═════ Data extracts ═════

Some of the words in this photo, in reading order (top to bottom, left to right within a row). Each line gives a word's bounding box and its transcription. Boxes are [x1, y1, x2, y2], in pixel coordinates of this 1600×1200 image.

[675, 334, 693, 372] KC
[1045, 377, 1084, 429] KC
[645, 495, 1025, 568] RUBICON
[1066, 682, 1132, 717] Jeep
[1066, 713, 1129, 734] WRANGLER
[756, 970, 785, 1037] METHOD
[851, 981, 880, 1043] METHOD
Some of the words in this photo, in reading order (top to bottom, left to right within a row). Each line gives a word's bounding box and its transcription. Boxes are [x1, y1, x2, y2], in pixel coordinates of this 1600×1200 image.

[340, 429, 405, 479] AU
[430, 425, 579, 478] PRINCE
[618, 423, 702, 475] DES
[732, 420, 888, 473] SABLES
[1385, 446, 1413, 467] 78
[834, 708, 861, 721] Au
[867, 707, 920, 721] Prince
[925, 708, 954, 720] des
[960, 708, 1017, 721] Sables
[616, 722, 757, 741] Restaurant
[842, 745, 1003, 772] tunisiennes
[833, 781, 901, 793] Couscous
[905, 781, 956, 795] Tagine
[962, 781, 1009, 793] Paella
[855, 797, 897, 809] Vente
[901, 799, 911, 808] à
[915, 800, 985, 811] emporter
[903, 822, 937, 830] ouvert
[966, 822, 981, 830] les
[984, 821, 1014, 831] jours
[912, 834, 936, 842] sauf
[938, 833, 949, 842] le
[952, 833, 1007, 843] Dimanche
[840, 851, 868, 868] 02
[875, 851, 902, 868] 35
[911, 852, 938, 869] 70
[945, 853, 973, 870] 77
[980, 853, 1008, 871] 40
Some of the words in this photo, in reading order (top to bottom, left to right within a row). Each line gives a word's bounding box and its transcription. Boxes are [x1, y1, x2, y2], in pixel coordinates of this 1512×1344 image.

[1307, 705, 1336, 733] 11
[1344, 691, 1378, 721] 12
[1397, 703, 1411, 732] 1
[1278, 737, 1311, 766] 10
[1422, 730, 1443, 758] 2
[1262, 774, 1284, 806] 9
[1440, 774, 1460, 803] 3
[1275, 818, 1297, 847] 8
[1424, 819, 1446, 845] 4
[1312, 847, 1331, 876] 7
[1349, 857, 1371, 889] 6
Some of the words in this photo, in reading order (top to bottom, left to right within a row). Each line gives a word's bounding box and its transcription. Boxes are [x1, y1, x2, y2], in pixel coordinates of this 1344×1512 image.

═════

#### [Exercise details]
Please write out the entries above in full, exactly as they read.

#### [Result of the exercise]
Some of the words in this photo, in reading order (top to bottom, left to right within a row). Each line gives a word's bounding box and its transcription. Boxes are [x1, y1, x2, y2], in pixel coordinates of this 1600×1200 image.

[675, 334, 693, 372] KC
[1045, 377, 1084, 429] KC
[645, 495, 1025, 568] RUBICON
[1066, 682, 1132, 717] Jeep
[1066, 713, 1129, 734] WRANGLER
[756, 970, 785, 1037] METHOD
[851, 981, 880, 1043] METHOD
Some of the words in this photo, in reading order (top to bottom, left to right within a row). Each line gives a word's bounding box and its transcription. Boxes are [x1, y1, x2, y2], in pixel coordinates of this 1600×1200 image.

[340, 429, 405, 479] AU
[430, 425, 579, 478] PRINCE
[618, 423, 702, 475] DES
[732, 420, 888, 473] SABLES
[1385, 446, 1413, 467] 78
[834, 708, 861, 721] Au
[867, 707, 920, 721] Prince
[925, 708, 954, 720] des
[960, 708, 1017, 721] Sables
[616, 722, 757, 741] Restaurant
[842, 745, 1003, 772] tunisiennes
[833, 781, 901, 793] Couscous
[905, 781, 956, 795] Tagine
[962, 781, 1009, 793] Paella
[855, 797, 897, 809] Vente
[901, 799, 911, 808] à
[915, 800, 985, 811] emporter
[903, 822, 937, 830] ouvert
[966, 822, 981, 830] les
[984, 821, 1014, 831] jours
[912, 834, 936, 842] sauf
[938, 833, 949, 842] le
[952, 833, 1007, 843] Dimanche
[840, 851, 868, 868] 02
[875, 851, 902, 868] 35
[911, 852, 938, 869] 70
[945, 853, 973, 870] 77
[980, 853, 1008, 871] 40
Some of the words in this photo, in reading order (top to bottom, left to right within a row). Each line gives a word's bounding box and its transcription. Boxes are [x1, y1, x2, y2], in pixel coordinates of this 1512×1344 image.

[1307, 705, 1336, 733] 11
[1344, 691, 1378, 721] 12
[1397, 703, 1411, 732] 1
[1278, 737, 1311, 766] 10
[1422, 730, 1443, 758] 2
[1262, 774, 1284, 806] 9
[1440, 774, 1460, 803] 3
[1275, 818, 1297, 847] 8
[1424, 819, 1446, 845] 4
[1312, 847, 1331, 876] 7
[1349, 857, 1371, 889] 6
Some of the words in this photo, in reading order (top to bottom, left to right within a row). Each line gives a word's bounding box and its transcription. Boxes are [x1, y1, x2, y2], in pixel coordinates of this 1344×1512 image.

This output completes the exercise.